I'll start with the one good point. It's true that "digital is... disingenuous without an open, honest debate about how reinventing govt [sic] will reshape the public sector and alter the nature of public sector jobs." Doing digital government properly will by necessity involve radical change: the disruption of hierarchies, abolition and merger of departments and so on. But to effectively write-off current progress because the next part of the journey hasn't been done yet strikes me as more than a little disingenuous, especially when it appears like you're not appearing to offer any solutions yourself. And speaking from a personal point of view, I side with what appears to be GDS's current notion of delivery driving progress rather than top-down rearchitecting. Pragmatically, I believe the former will actually have a chance to effect change rather than the latter.
Now the dreck.
Thompson says that rather than contracting-out, the government is now growing its own capability to build bespoke IT (such bespoke IT that he's knocked in the previous paragraphs), and saying that "the fact that it's using open source makes little difference." With all due respect to Thompson: bollocks. From the outside, it appears that GDS is actually doing the hard work to make sure that the right software and tools are being built in the first place through strict embedding, co-operation and partnership as well as, how do the Spanish Inquisition say, an almost fanatical devotion to uncovering and serving user need.

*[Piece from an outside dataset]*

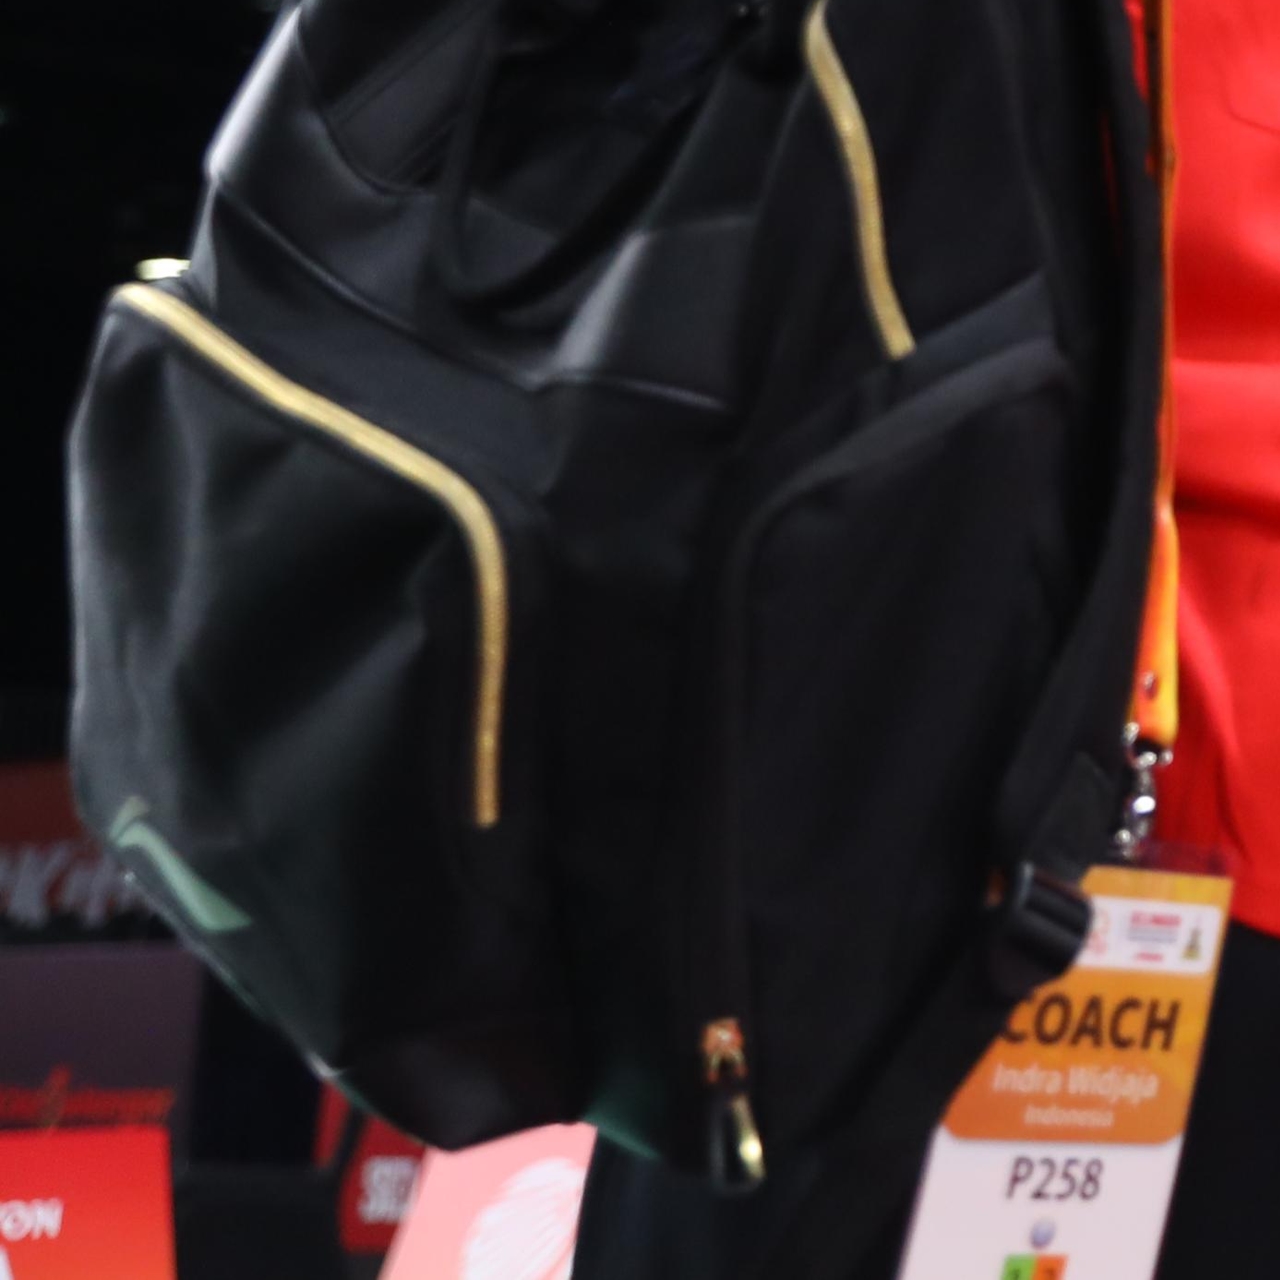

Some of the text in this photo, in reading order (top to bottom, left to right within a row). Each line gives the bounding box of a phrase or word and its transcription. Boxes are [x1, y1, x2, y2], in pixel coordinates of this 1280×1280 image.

[992, 1062, 1063, 1094] Indra
[1005, 1157, 1105, 1201] P258
[0, 1198, 64, 1241] ON
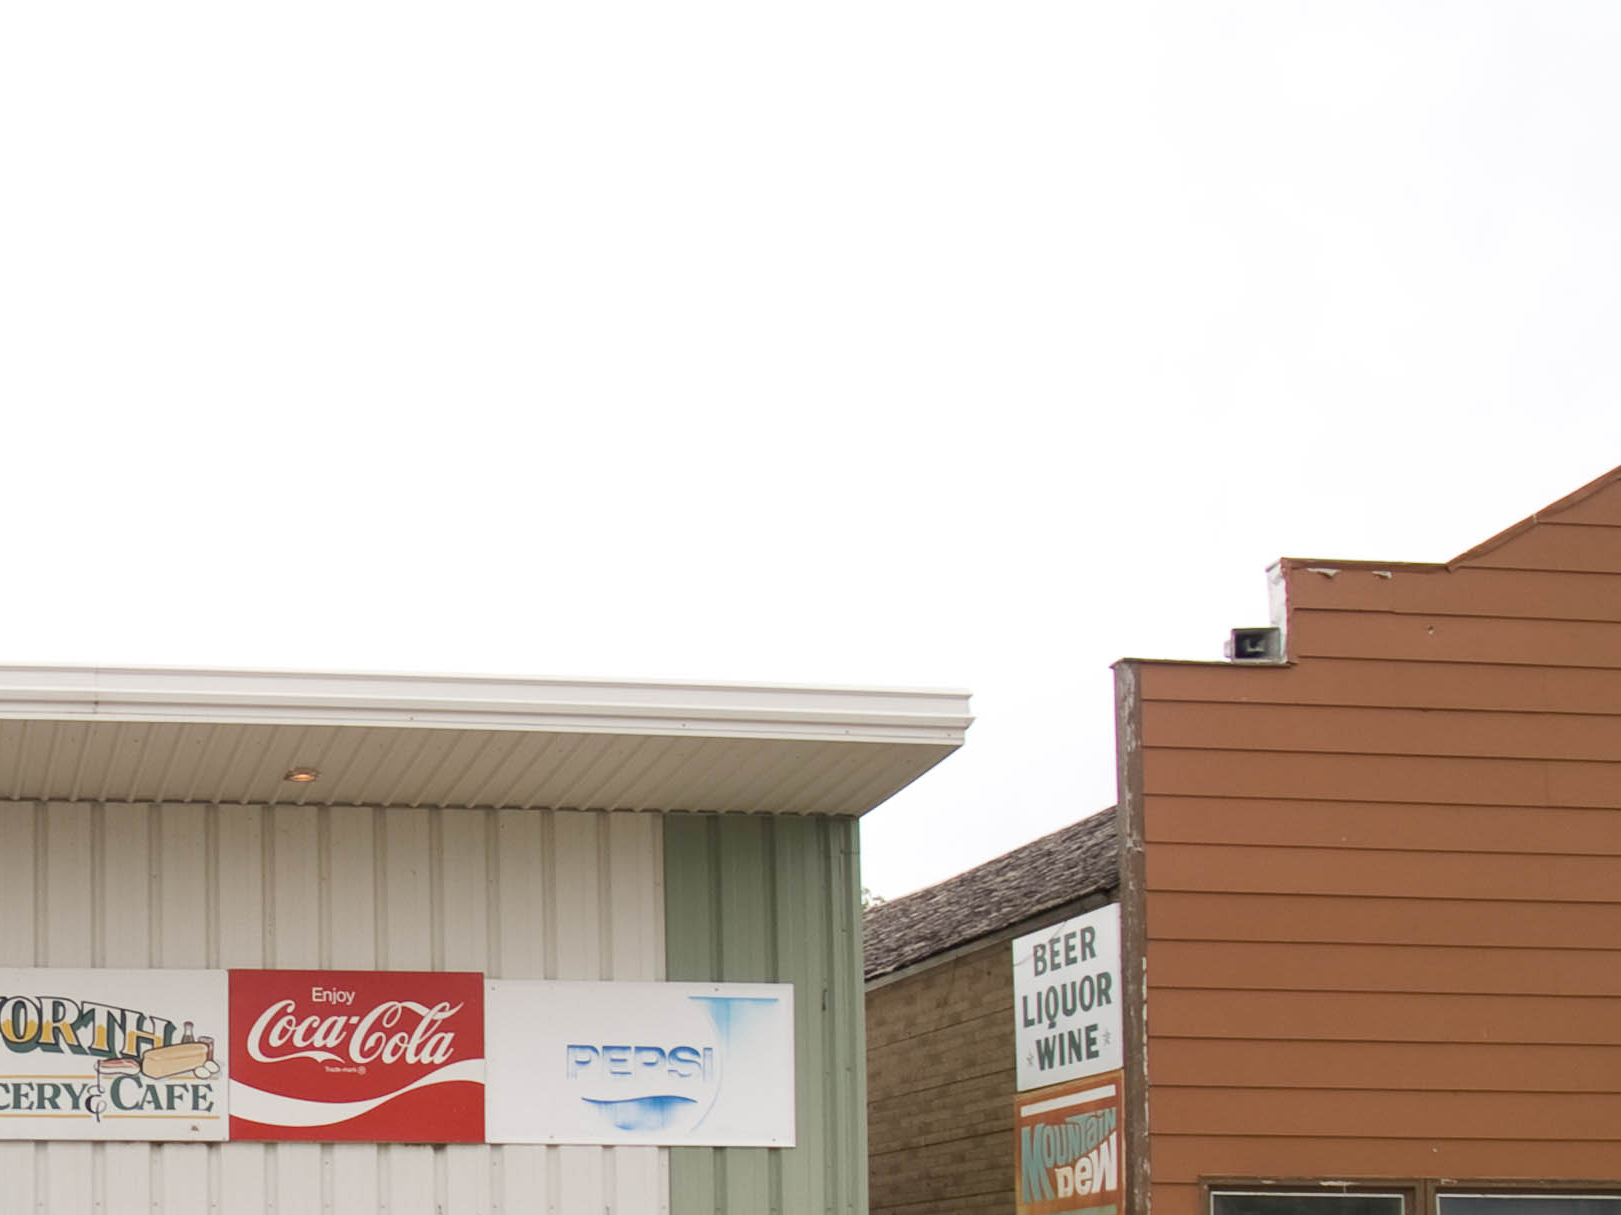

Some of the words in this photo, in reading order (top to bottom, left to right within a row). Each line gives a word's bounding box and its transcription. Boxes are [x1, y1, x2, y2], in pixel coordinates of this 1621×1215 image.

And then this: "The tech is still special, requires upgrades & maintenance, and the UK remains in its cul-de-sac, decoupled from the innovation of the global marketplace."

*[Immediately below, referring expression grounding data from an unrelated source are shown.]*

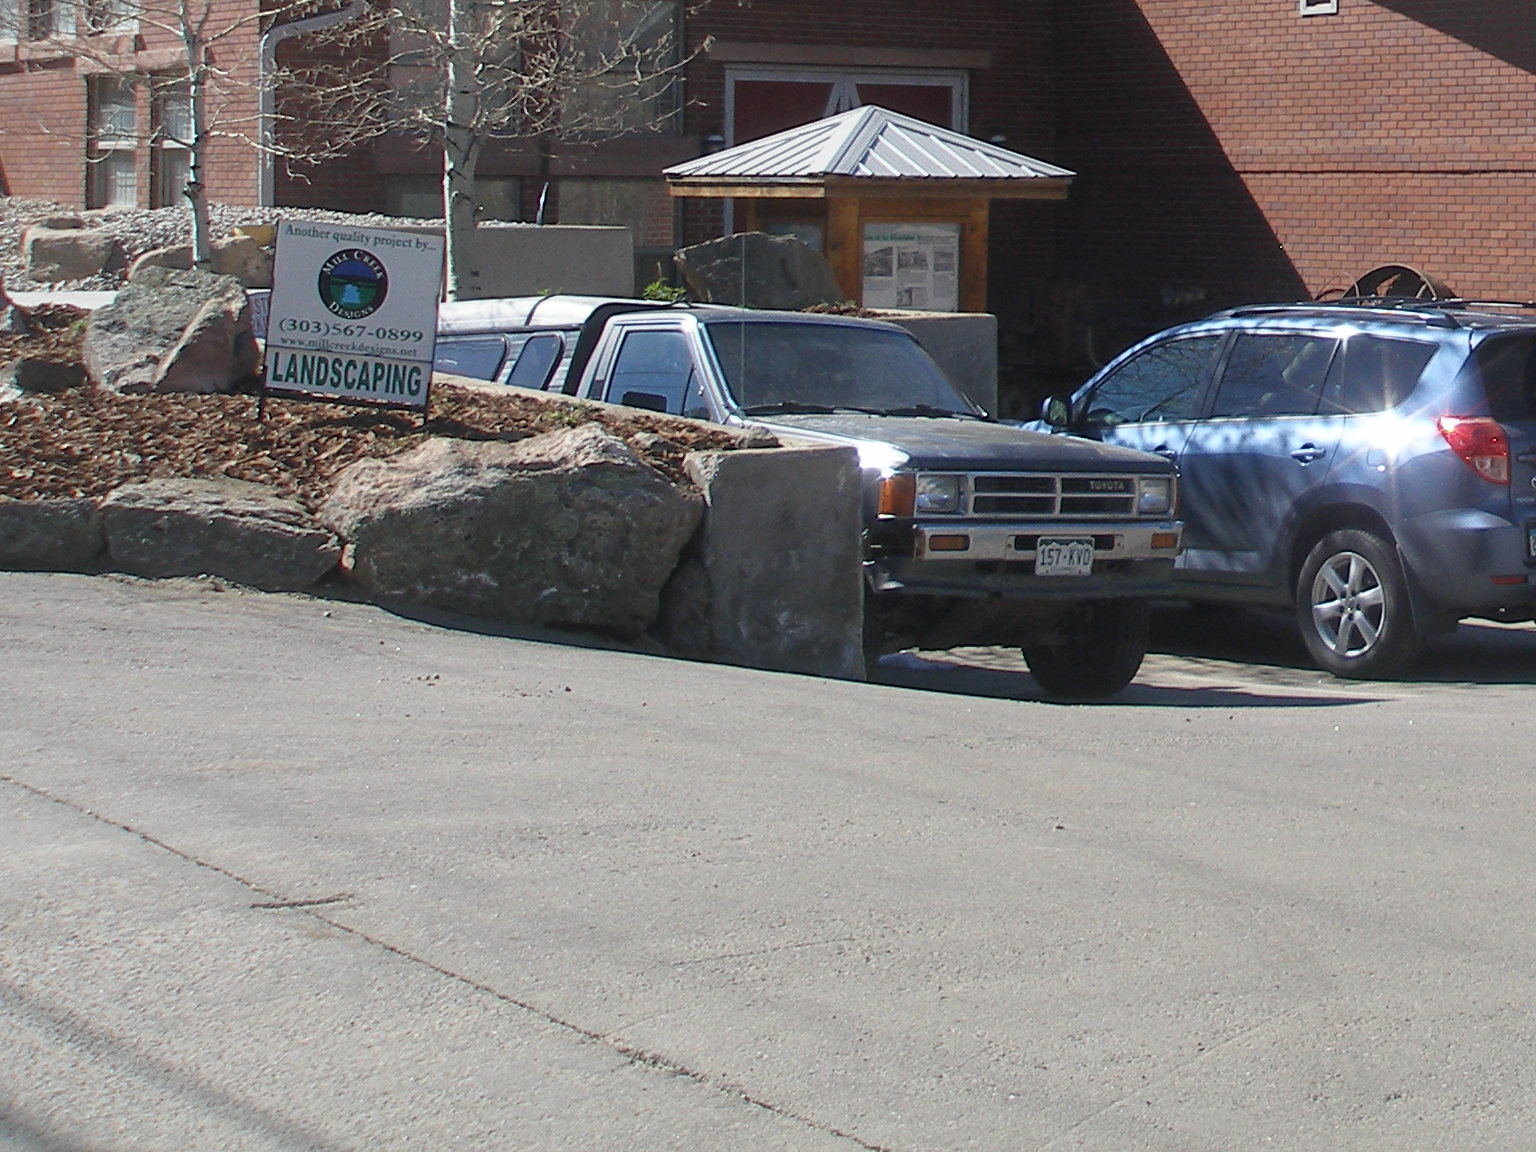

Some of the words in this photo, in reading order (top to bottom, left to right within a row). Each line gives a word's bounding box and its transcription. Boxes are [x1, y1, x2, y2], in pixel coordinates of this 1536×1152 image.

[285, 224, 330, 240] Another
[332, 231, 372, 246] quality
[373, 234, 412, 249] project
[279, 318, 424, 342] (303)567-0899
[280, 336, 418, 357] www.millcreekdesigns.net
[272, 351, 422, 396] LANDSCAPING
[1089, 480, 1125, 490] TOYOTA

Where to begin? All technology inevitably upgrades and maintenance - that's the nature of technology. Thompson, I am sure, would be decrying the use of ball point pens, referring to the far superior and more reliable technology of fountain or quill pens. And what of this rhetorical device of the UK remaining "in its cul-de-sac, decoupled from the innovation of the global marketplace."?
The issue isn't around closed source: it's about the right tool for the right job and having the expertise to ensure that it stays that way with interests that are aligned. I think it's fair to say that at this point, procurement contracts for big government IT (or even any government IT, for that matter) haven't successfully managed to align goals. A weak government with no implementation capability is a fat easy teat that I'm sure EMC is incredibly unhappy they're less able to suckle from. You can use all the open-source software you want and still create as big a pig's ear of a software solution as Accenture or Capita would.
And finally, because if I go on, I really will completely lose it, what exactly does "decoupled from the innovation of the global marketplace" mean, exactly? Does Thompson not realise that some of the most effective "innovation of the global marketplace" is being achieved with the right in-house, vertically integrated tools and services? Or is this some sort of conscious coupling that must be achieved, Gwyneth Paltrow style? Presumably governments may only be consciously coupled with the innovation of the global marketplace by *buying* that capability and never developing it, thus ensuring that they only benefit from second-order optimisation and never actually get the tools and services they need.
That's why I think Thompson has grasped completely the wrong end of the stick. He's looked at the delivery and output aspects of what GDS has accomplished (the 25 exemplars) and seen them, amusingly, given his tract, purely in terms of "technology" and failed to realise the actual political and bottom-up change that has to have occurred in order to effect the exemplars in the first place. Does he think, for example, that GDS winning design awards for clarity of provision of service, is a technological "agile" deliverable, or one that's required a genuine change of working inside the civil service?